Drivers Side Fender, part 1

1967 Ford Mustang Fastback left side fender strip The drivers side fender was, at a glance, in about the same condition as the passenger side. As it turns out, there are a few rust issues to fix. But the approach is essentially the same as last time - strip the fender of all paint and badging, fill unneeded holes, cut out and patch any rust, and prime the fender inside and out with epoxy primer to get it ready for paint.

I could just purchase a new reproduction fender for $120 (which may not fit well), or a higher quality Ford original equipment tooling fender for $450 (which would fit better).  In an attempt to preserve as much original metal as possible on the car, I decided to repair my original fender as best I could. I figured I was here to learn and try, not just shop and buy.  All told, I have just over 50 hours in this fender over the course of about 6 weeks. Yes, I'm know I'm slow.

The inside of the drivers side fender - down in the bottom behind the wheel opening is the worst of the surface rust. 


My obligatory sideways pic. The bottom of the fender is at left. Dented, rusted, and generally rough looking. Notice all the little bondo worms at right where the original  MUSTANG lettering and badge were installed. We're going with the GT badging and stripes, so there are some holes to fill.

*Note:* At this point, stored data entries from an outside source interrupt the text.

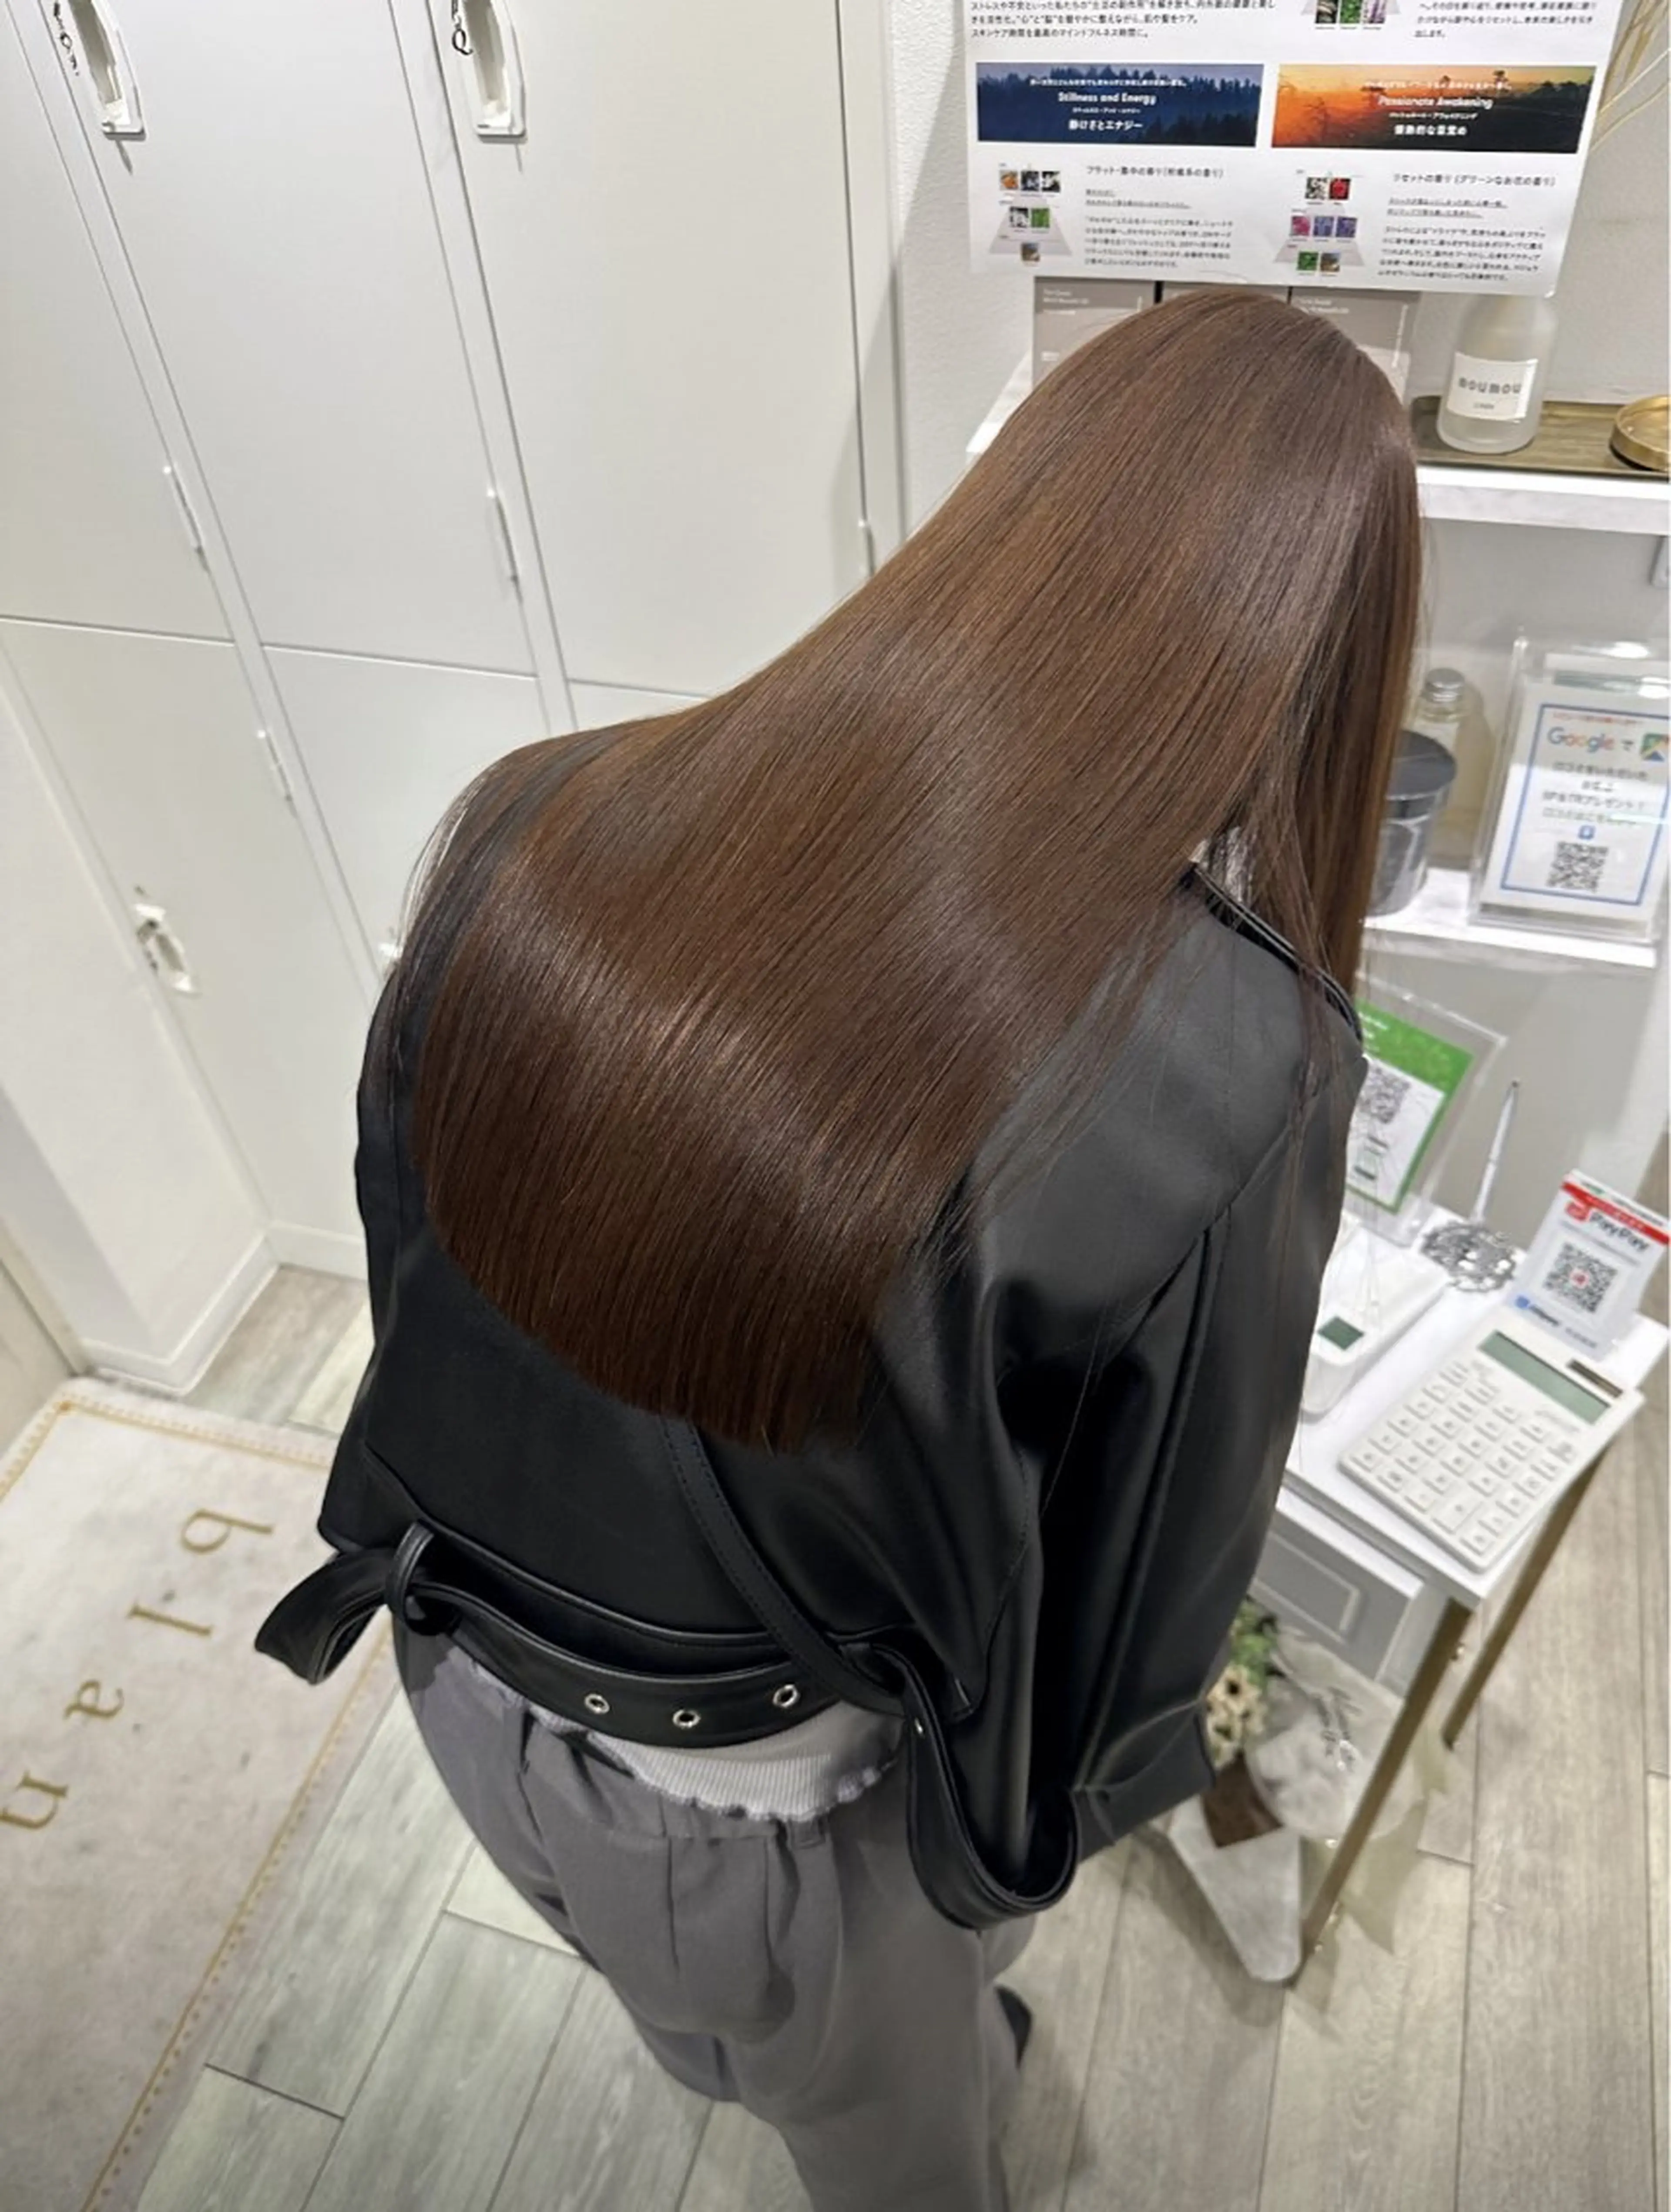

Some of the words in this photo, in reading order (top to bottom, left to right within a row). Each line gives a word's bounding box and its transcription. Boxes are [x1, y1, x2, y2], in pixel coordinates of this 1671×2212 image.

[1058, 92, 1097, 102] Stillness
[1101, 93, 1119, 102] and
[1121, 93, 1157, 105] Energy
[1378, 96, 1434, 106] Passionate
[1436, 96, 1493, 110] Awakening
[1548, 727, 1614, 753] Google
[1591, 1212, 1649, 1251] PayPay

Need to remove the 289 badge on this side as well.


Strapped down and stripped bare

I used the same Makita 9227C sander with 80 grit paper here as well. Makes quick work of old paint. Notice we have one repaint on this car - you can see the layers of primer, sealer, paint, primer, and the top coat which is a repaint - a little more purple than the original vintage burgundy.


At center is a cluster of holes that are from rust, not badges. That's not good.

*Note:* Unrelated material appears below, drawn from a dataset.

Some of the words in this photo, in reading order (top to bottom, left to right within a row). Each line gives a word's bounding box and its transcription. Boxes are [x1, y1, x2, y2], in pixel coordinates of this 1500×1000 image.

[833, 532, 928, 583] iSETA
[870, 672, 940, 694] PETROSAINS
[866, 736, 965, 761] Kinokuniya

Stripping down to bare metal to start filling holes. 3M stripping disks work well here.

Another sideways pic. But the holes are filled. I use a copper spoon on the outside and fill from the inside. I don't worry too much about grinding the inner welds down as they aren't visible and I don't want to burn through to the front from overzealous grinding.


Outside of the fender - holes are filled and the area hit with a DA sander using 80 grit paper. Success here is a slightly depressed area that can be filled with body filler at paint time.

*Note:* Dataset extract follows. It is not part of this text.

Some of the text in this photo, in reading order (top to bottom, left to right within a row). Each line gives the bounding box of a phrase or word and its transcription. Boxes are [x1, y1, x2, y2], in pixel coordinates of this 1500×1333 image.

I removed the Hipo 289 badge up front and found only 6 holes - less than the 8 I found on the passenger side. Still 6 more holes than I need. 


Clean the area behind the holes to make sure there's no rot or rust in the area prior to welding.


Holes are filled. They need to be cleaned up and ground down still before priming.


Now that the badging holes are filled, I start work on the lower area that has rust damage. Although I swore I wouldn't media blast in the driveway again - I did it anyway. It's the best way to clean pitted metal to really assess the damage. 


The pitting appears to go under the fender brace at the rear edge of the fender. So I have to cut it out and see what's underneath. One spot weld and a couple of cuts...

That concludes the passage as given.